Увы, пронять дракона не удалось.
— Глупый человечек, — сказал Сентуивир снисходительно, — а с чего ты решил, будто мои критерии красоты и привлекательности хоть немного соответствуют твоим?
========== Кому - заботы, кому - забавы ==========
Мать Всех Живущих была милостива к поселенцам: после двух недель нескончаемых дождей установилась ясная, а днём так даже тёплая погода. Мужчины споро расчистили на высоком берегу Серебрянки место под строительство и поставили один на всех пока что дом, понимая, что главное для них сейчас — как-то пережить эту зиму. Его милость господин барон оказался, хвала Матери, человеком добрым и не скупым — дал на первое время муки и крупы, инструментом кой-каким поделился, но все разговоры с поселенцами вёл либо во дворе общего дома, либо у моста: в башню же никого из своих новых вассалов не требовал даже на хозяйственные работы (о чём никто из беглецов нисколько не жалел — своё бы успеть сделать, не то что на сеньора работать), а когда он уходил в ворота, мост немедленно поднимался снова, оставляя между пятисаженной стеной и пустырём глубокий, с крутыми стенками ров, на дне которого из жирной, даже на вид липкой чёрной грязи угрожающе скалились ржавые кривые железки самого хищного вида, а что скрывалось под слоем этой самой грязи, о том даже думать не хотелось. Даже Ржавый при всём своём нахальстве за ворота крепости заглянуть не сумел, только подтвердил, что служат колдуну и его супругу змеелюды, самые настоящие, как в сказках про драконов, укрепив товарищей по несчастью во мнении, что от башни надо держаться подальше. Выплачивать подати, когда станут на ноги, просить у барона защиты от лихих людей и нелюдей, но его мужу-колдуну лишний раз на глаза не попадаться.

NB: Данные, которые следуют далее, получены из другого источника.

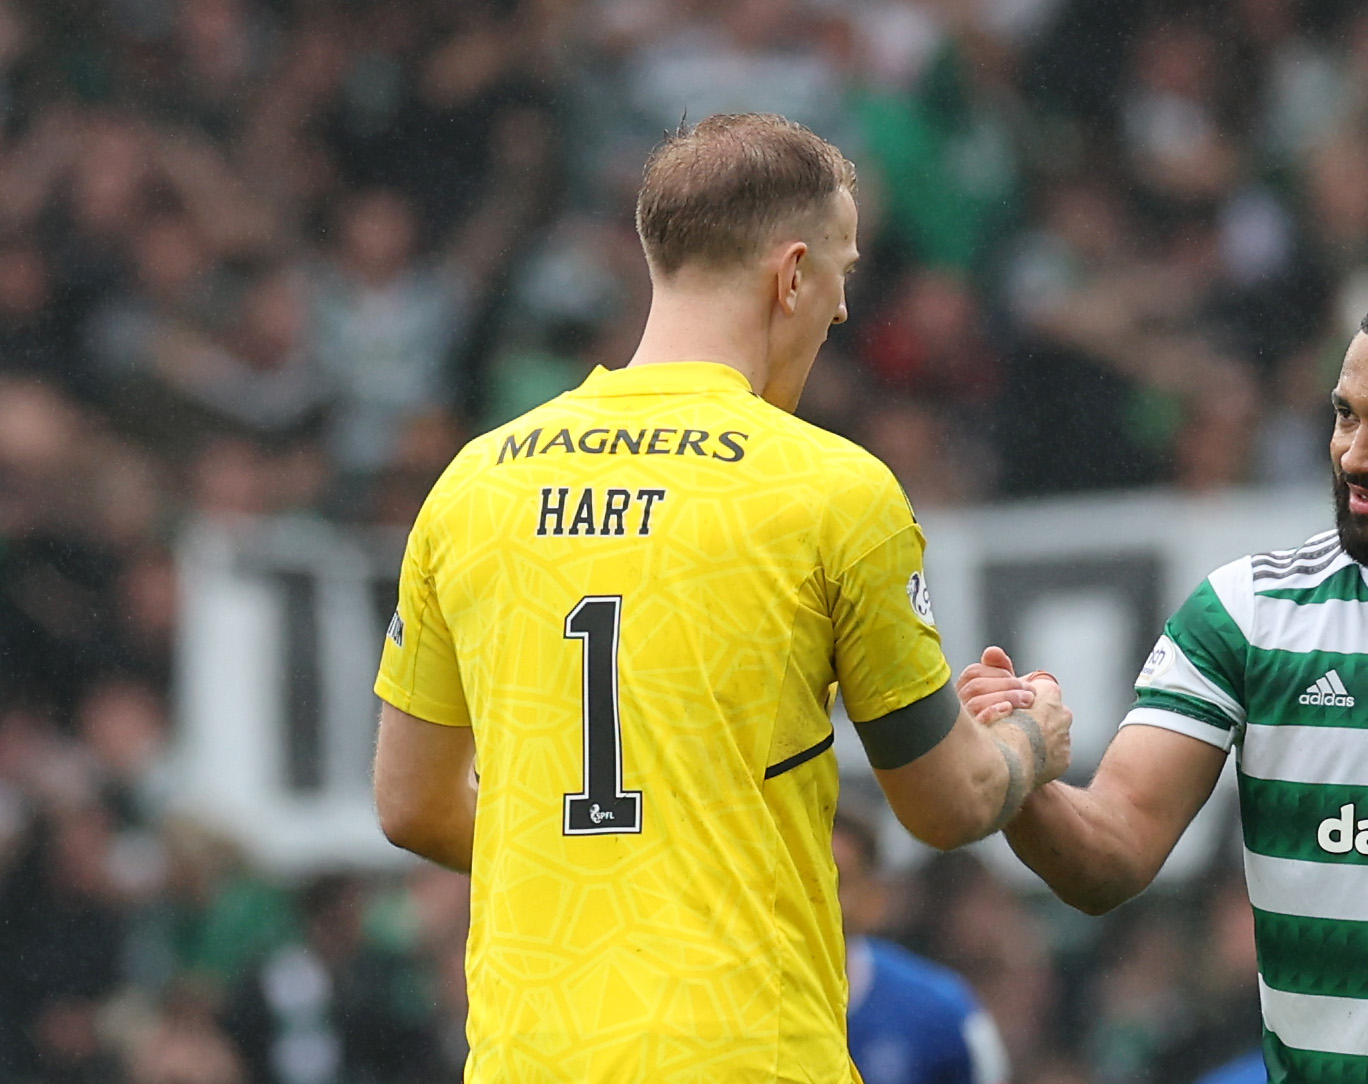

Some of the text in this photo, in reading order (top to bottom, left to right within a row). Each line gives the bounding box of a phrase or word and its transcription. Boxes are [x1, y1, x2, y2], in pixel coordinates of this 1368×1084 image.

[496, 428, 749, 466] MAGNERS
[536, 488, 667, 536] HART
[563, 594, 643, 837] 1
[1298, 691, 1355, 708] adidas

— А колдун здешний до того сильно могучий, что ему дракон служит: как позовёт колдун, так и летит, ровно ястреб ручной, потому башня и зовётся Драконьей. Захотел бы, давно бы всё княжество захватил, да ему недосуг — он всё зелья варит, чтоб бессмертным стать. — Народ уже поужинал, но из-за длинного стола вставать не спешил, с интересом слушая россказни Мики, который вообще-то был тот ещё врун, зато рассказчик отменный. То, что надо для таких вот вечеров в преддверии наступающей зимы, когда даже руки особо нечем занять, поскольку всего хозяйства пока — один дом на всех, а всей скотины — мышей, и тех нет.